The DESSA screener was first created in 2008. City officials are touting the screening tool for being strengths-based — meaning it asks questions about a students’ positive behaviors and focuses on building those up, instead of seeking negative ones, such as whether a child frequently annoys their peers. That is also what makes Singh, the attorney from Advocates for Children, optimistic so that schools don’t solely focus on “risk factors.” 

An early study of the DESSA screener showed it was “very effective” in identifying students with social, emotional and behavioral problems, by screening children who were already known to need support in those areas compared with their peers. A 2016 study showed that students who were identified as needing social-emotional support by a shorter version of the screener were 4.5 times more likely to have a “serious” disciplinary problem by the end of the school year. 

At Unison, it can be hard to see some of the results on paper. 

The school’s daily attendance rate had barely budged before the pandemic shuttered schools, according to data Paige provided. And chronic absenteeism actually worsened initially before improving by nearly 6 percentage points before the pandemic. 

School surveys show that the percentage of students who said they trust their teachers grew slightly from the 2016-2017 school year, when the school was considered an “at-risk” school, and the following school year, though it dropped slightly in 2018-2019. 

But for Paige, the change in school culture is palpable. A department spokesperson said behavior-related incidents at the school have dropped by 58% between 2014-2015 and the school year before the pandemic set in, though he declined to provide year-by-year data. 

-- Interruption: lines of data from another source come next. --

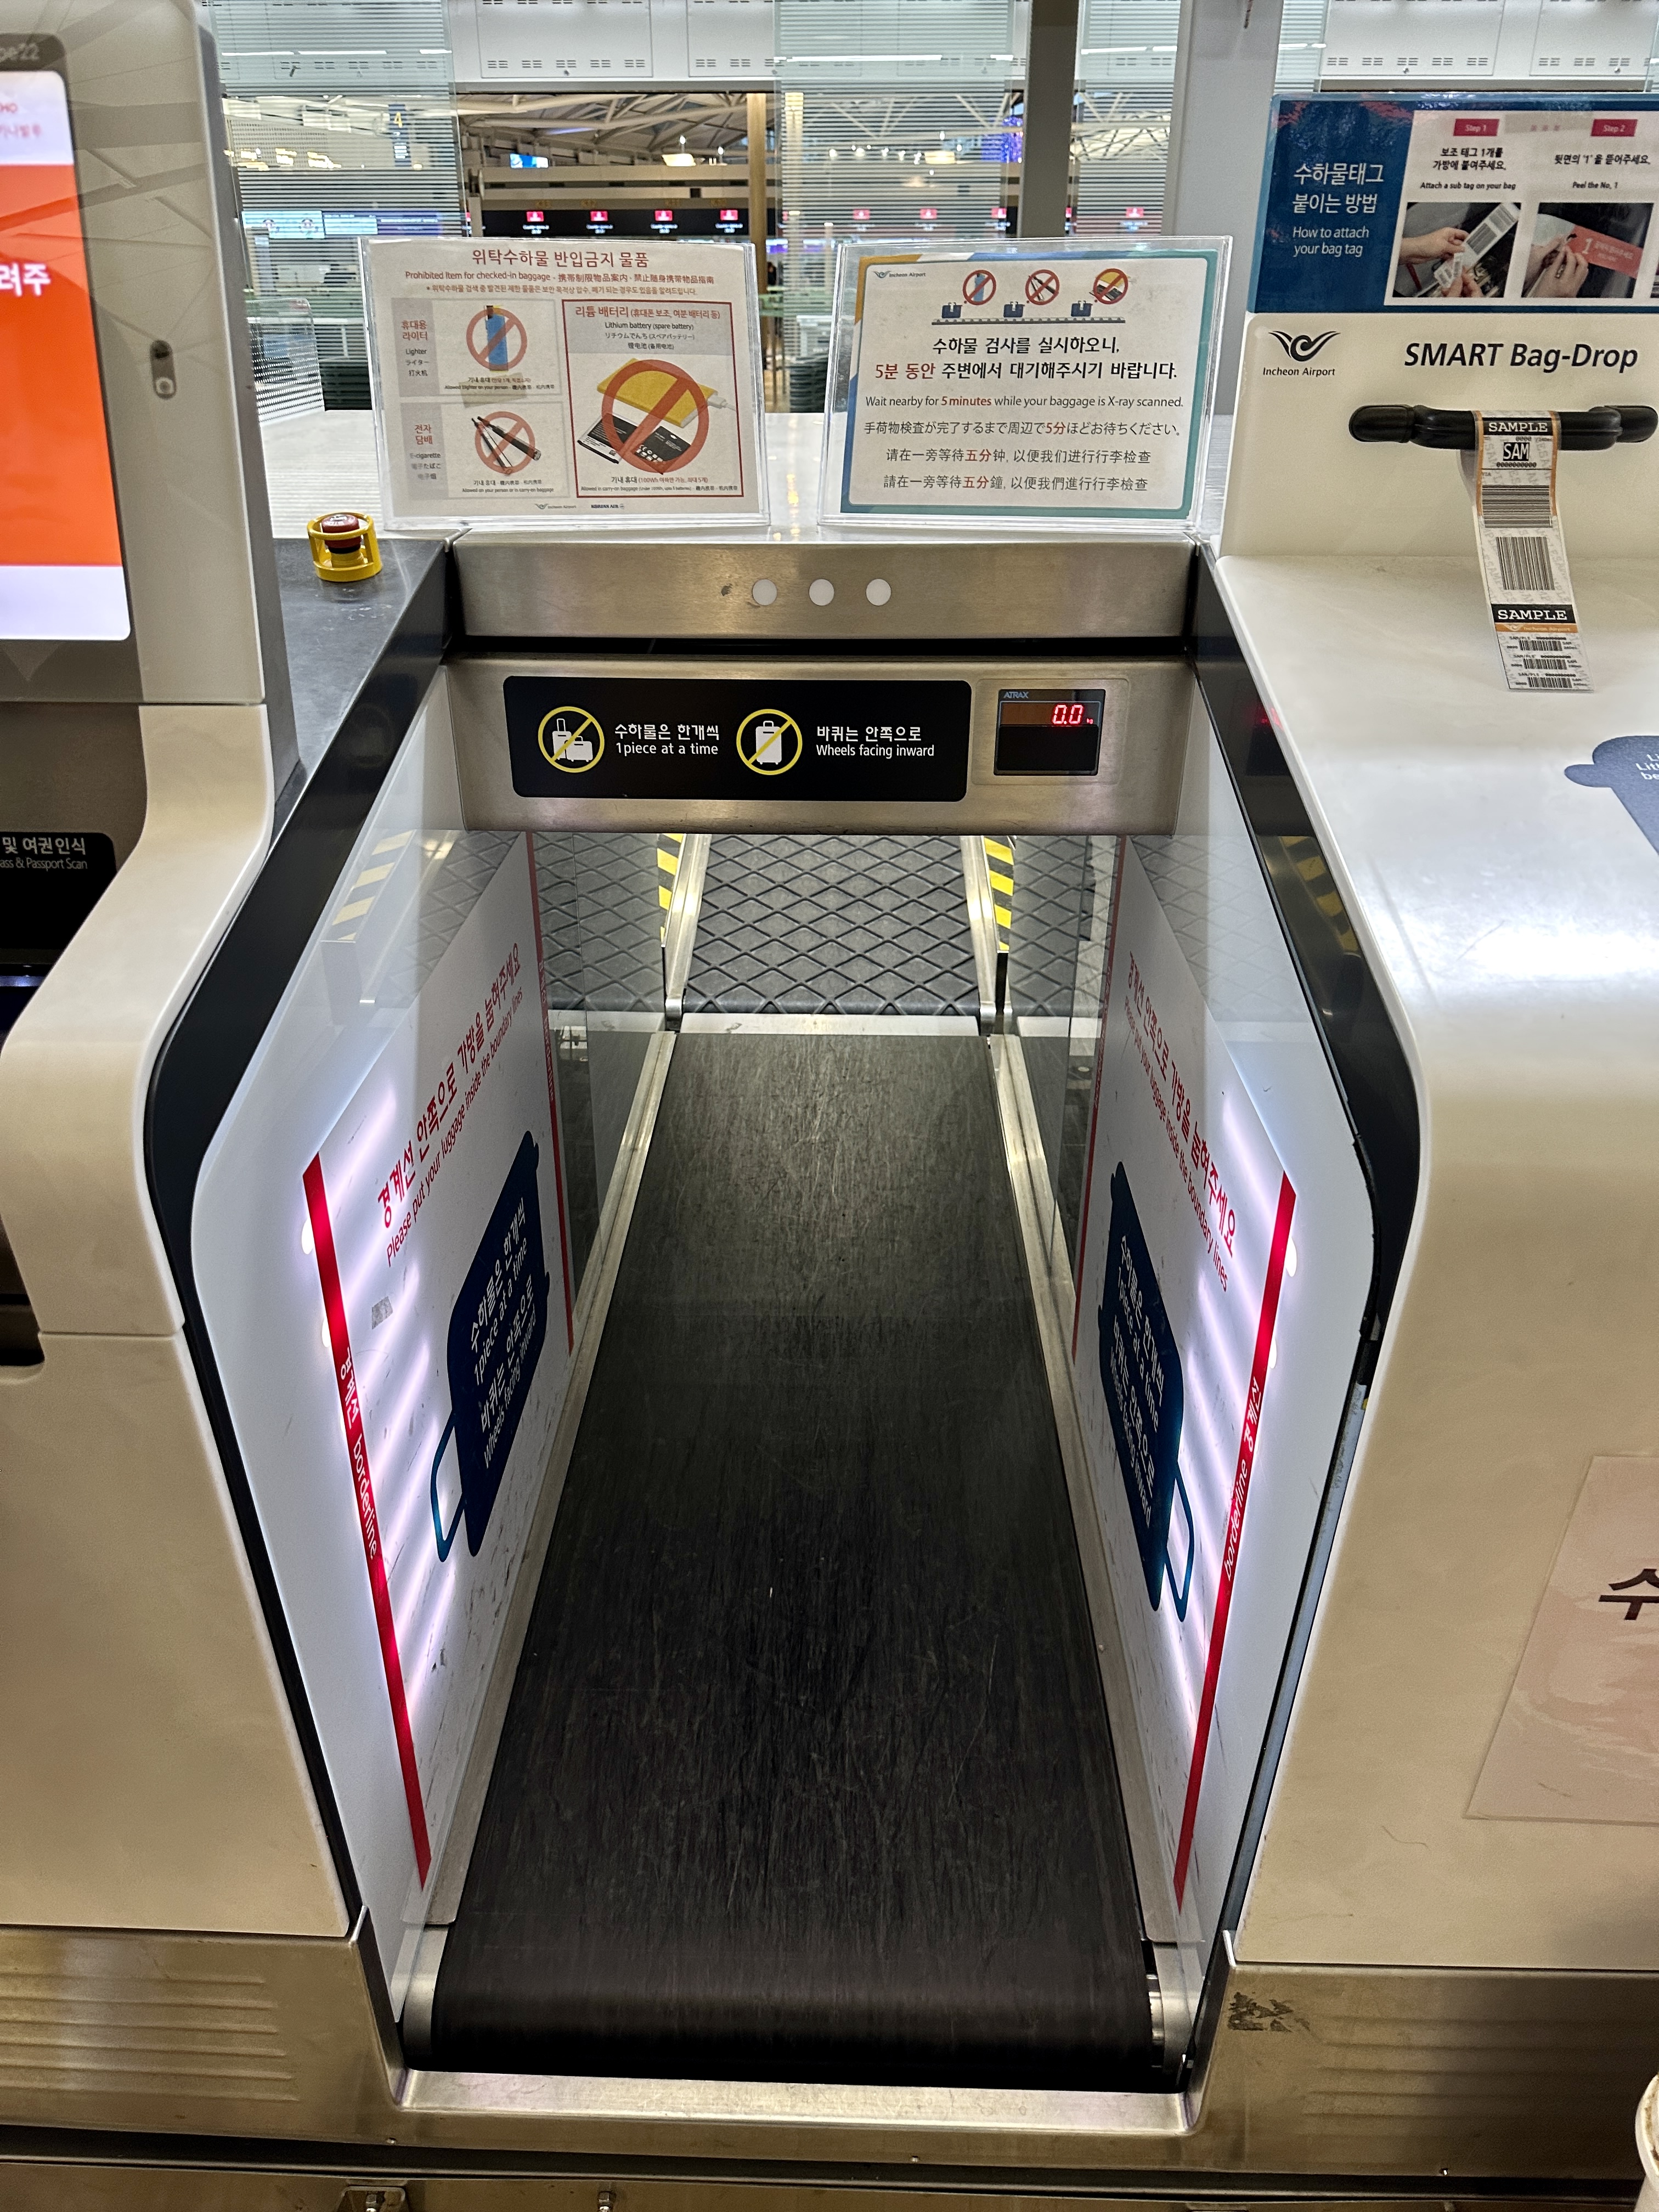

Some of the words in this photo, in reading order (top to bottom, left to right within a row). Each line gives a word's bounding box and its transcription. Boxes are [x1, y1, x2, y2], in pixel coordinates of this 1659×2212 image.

[1465, 125, 1480, 133] Step
[1604, 125, 1619, 133] Step
[1441, 148, 1458, 157] 보조
[1461, 148, 1478, 157] 태그
[1482, 148, 1503, 158] 1개를
[1555, 154, 1580, 165] 뒷면의
[1294, 162, 1384, 185] 수하물태그
[1433, 160, 1458, 170] 가방에
[1503, 182, 1516, 190] bag
[1293, 193, 1341, 213] 붙이는
[1346, 193, 1378, 214] 방법
[1293, 226, 1318, 238] How
[1321, 228, 1331, 238] to
[1334, 225, 1369, 238] attach
[1293, 245, 1319, 257] your
[1322, 242, 1342, 257] bag
[1345, 244, 1363, 257] tag
[472, 249, 549, 267] 위탁수하물
[554, 251, 613, 268] 반입금지
[619, 252, 649, 268] 물품
[405, 271, 443, 279] Prohibited
[477, 272, 516, 280] checked-in
[518, 272, 550, 281] baggage
[576, 307, 596, 318] 리튬
[598, 307, 629, 318] 배터리
[689, 310, 710, 318] 배터리
[401, 320, 428, 330] 휴대용
[402, 331, 428, 341] 라이터
[933, 337, 978, 354] 수하물
[985, 337, 1031, 354] 검사를
[1038, 337, 1119, 354] 실시하오니,
[1404, 343, 1503, 367] SMART
[1510, 343, 1638, 373] Bag-Drop
[875, 363, 899, 380] 5분
[905, 363, 936, 380] 동안
[941, 362, 1002, 379] 주변에서
[1010, 362, 1103, 379] 대기해주시기
[1110, 362, 1177, 379] 바랍니다.
[1262, 366, 1299, 376] Incheon
[1302, 366, 1335, 379] Airport
[865, 396, 887, 407] Wait
[889, 396, 923, 409] nearby
[925, 395, 939, 407] for
[941, 396, 947, 406] 5
[949, 396, 992, 407] minutes
[995, 396, 1022, 407] while
[1024, 398, 1048, 409] your
[1049, 396, 1096, 409] baggage
[1098, 396, 1105, 407] is
[1108, 396, 1135, 409] X-ray
[1137, 396, 1183, 408] scanned.
[415, 424, 432, 434] 전자
[864, 421, 1180, 437] 手荷物検査が完了するまで周辺で5分ほどお待ちください。
[1488, 422, 1548, 432] SAMPLE
[415, 435, 432, 445] 담배
[1503, 443, 1529, 460] SAM
[1498, 610, 1567, 620] SAMPLE
[1053, 704, 1084, 724] 0.0
[614, 724, 671, 740] 수하물은
[678, 724, 719, 741] 한개씩
[817, 726, 858, 741] 바퀴는
[866, 726, 921, 742] 안쪽으로
[661, 743, 674, 754] at
[678, 745, 685, 754] a
[690, 742, 718, 754] time
[816, 744, 855, 756] Wheels
[859, 744, 893, 759] facing
[896, 744, 934, 756] inward
[2, 837, 18, 854] 및
[15, 856, 25, 868] &
[26, 856, 65, 872] Passport
[66, 857, 87, 869] Scan
[377, 1139, 416, 1228] 경계선
[417, 1061, 457, 1163] 안쪽으로
[458, 1012, 484, 1075] 가방을
[485, 943, 521, 1032] 눕혀주세요
[386, 1211, 412, 1268] Please
[413, 1180, 426, 1223] put
[426, 1150, 441, 1197] your
[441, 1104, 465, 1159] luggage
[465, 1071, 482, 1110] inside
[481, 1052, 491, 1077] the
[490, 1007, 512, 1059] boundary
[512, 986, 523, 1015] lines
[1143, 996, 1170, 1082] 안쪽으로
[1172, 1059, 1190, 1144] 가방을
[1191, 1120, 1236, 1259] 눕혀주세요
[1150, 1065, 1167, 1122] luggage
[1166, 1110, 1180, 1159] inside
[1179, 1148, 1188, 1183] the
[1187, 1171, 1214, 1254] boundary
[1213, 1240, 1229, 1293] lines
[471, 1259, 503, 1354] 수하물은
[504, 1197, 526, 1271] 한개씩
[499, 1289, 507, 1321] at
[508, 1278, 513, 1298] a
[512, 1237, 527, 1282] time
[1121, 1235, 1143, 1331] 수하물은
[481, 1362, 506, 1434] 바퀴는
[506, 1274, 534, 1369] 안쪽으로
[1145, 1371, 1159, 1434] time
[1243, 1376, 1262, 1453] 경계선
[1129, 1385, 1155, 1498] 안쪽으로
[340, 1346, 359, 1429] 경계선
[352, 1433, 377, 1560] borderline
[1223, 1458, 1248, 1581] borderline
[1598, 1568, 1659, 1621] 수

Paige said the screener allowed teachers to find ways for students to practice positive social skills, such as improving personal responsibility. For example, her teachers now know to carve out time to help sixth graders practice managing their schedules and classwork during the first month and a half of their school year, since those students are new to middle school and expected to take on more academically. The school used advisory sessions to work on these skills and now has an entire social-emotional curriculum, where students are starting to assess their own skills four times a year. 

She thinks this tool will be especially important this year as many students return to buildings for the first time since March 2020. Many may have struggled in isolation for so long, while others may be dealing with the death of loved ones. Others may have thrived at home and are nervous about returning to school.

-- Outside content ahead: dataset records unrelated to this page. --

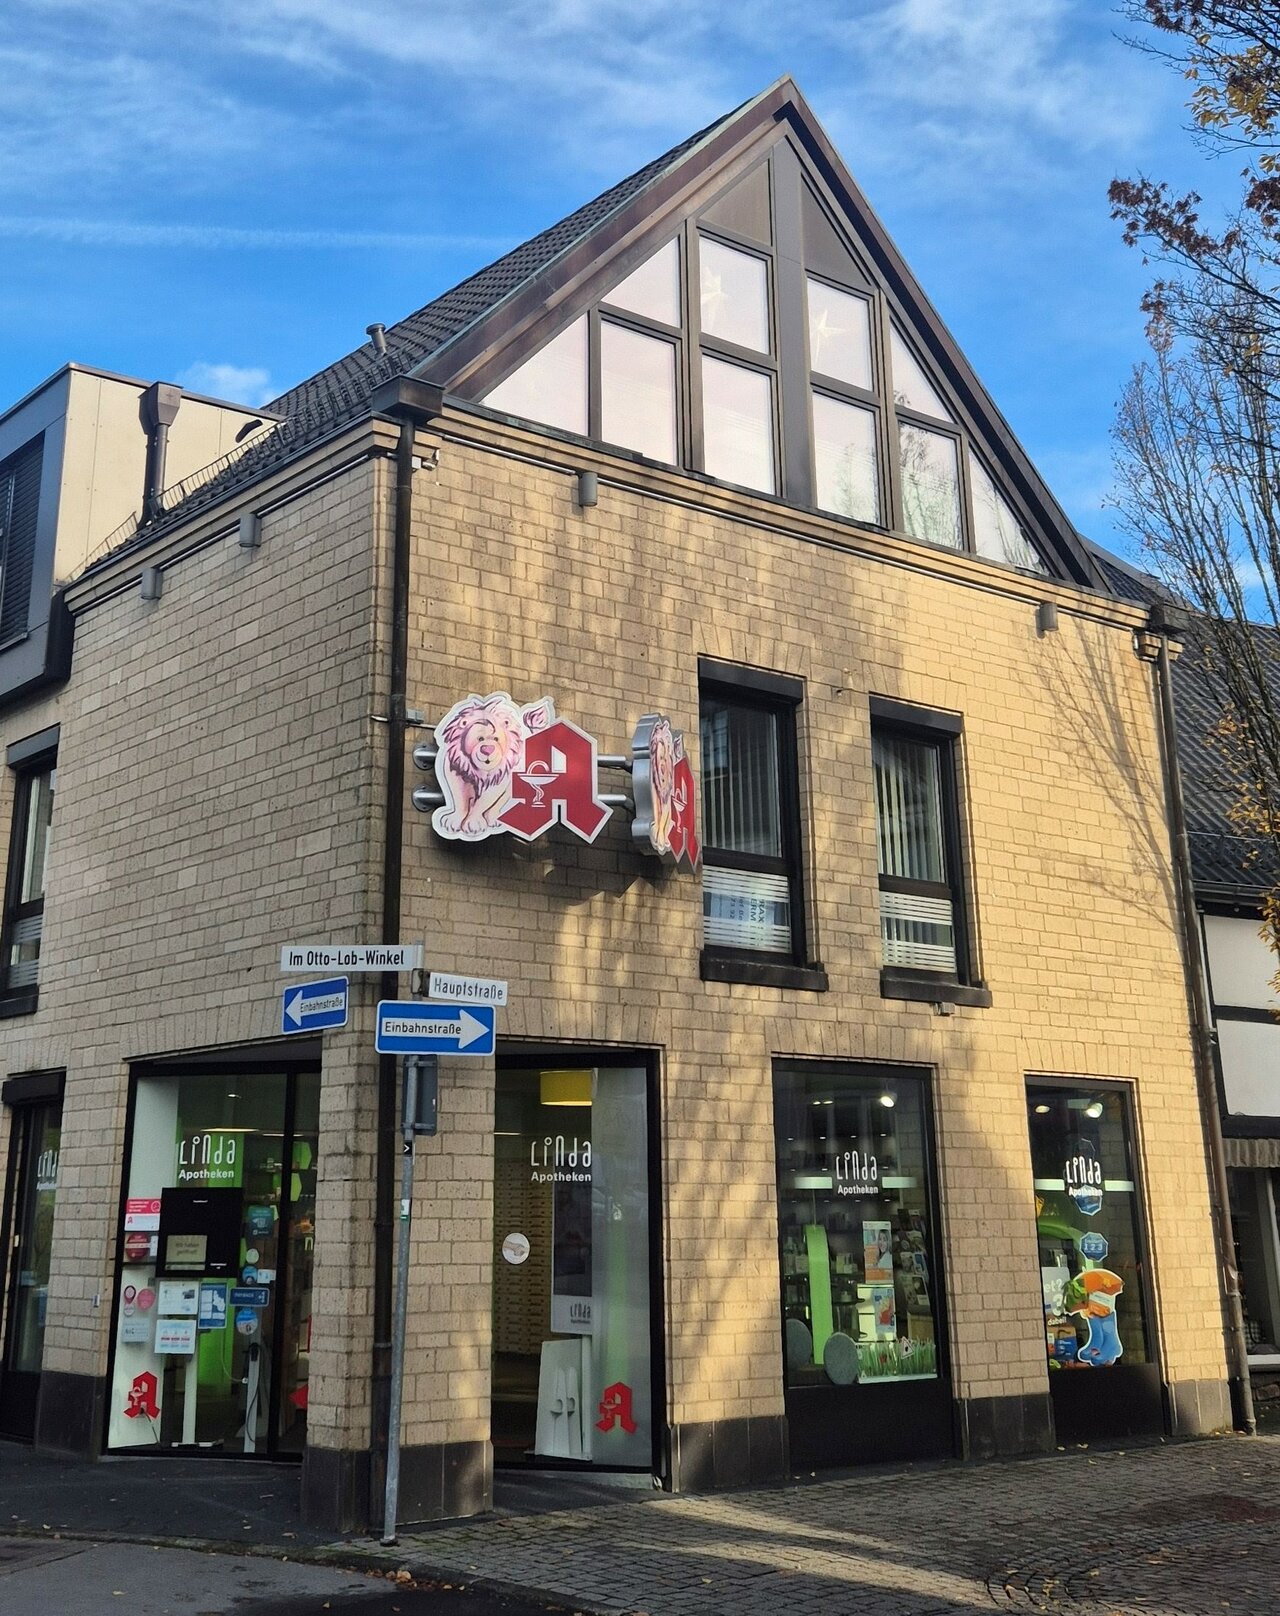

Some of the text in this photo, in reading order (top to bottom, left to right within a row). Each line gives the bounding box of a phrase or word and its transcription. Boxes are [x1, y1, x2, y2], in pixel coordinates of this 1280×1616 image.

[289, 950, 404, 966] Im Otto-Lob-Winkel
[433, 978, 504, 1000] Hauptstraße
[300, 997, 344, 1013] Einbahnstraße
[385, 1022, 462, 1035] Einbahnstraße
[178, 1169, 235, 1181] Apotheken
[531, 1171, 592, 1183] Apotheken
[838, 1185, 878, 1196] Apotheken

“This tool gives staff that time and that space and that permission to really slow down and think individually about each child in a way that I think all of our kids really need from us this year,” Paige said.

‘Drinking from a firehose’

Aperture, the company that created the screening tool platform, declined a request for an interview, instead referring Chalkbeat to city officials. 

On its website, Aperture said it works with more than 3,000 schools, though it’s unclear if that includes the entire New York City school district. The state of Connecticut announced a deal with Aperture in March to purchase its social-emotional screening tool. 

The company appears busy in the wake of the pandemic: In a May interview with a North Carolina publication, Aperture CEO Jessica Adamson said the company was “drinking from a firehose.”

Many schools that have long focused on social-emotional learning may have already created plans to address their students’ social-emotional needs after a vast disruption to in-person schooling. 

Julie Zuckerman, who oversees Castle Bridge Elementary School in Washington Heights, said it’s been the school’s policy to check in individually with children and more so now, especially since there are children whom staff members haven’t seen for 18 months. 

“The whole homecoming thing the chancellor is talking about? That’s how we start the year anyway,” Zuckerman said.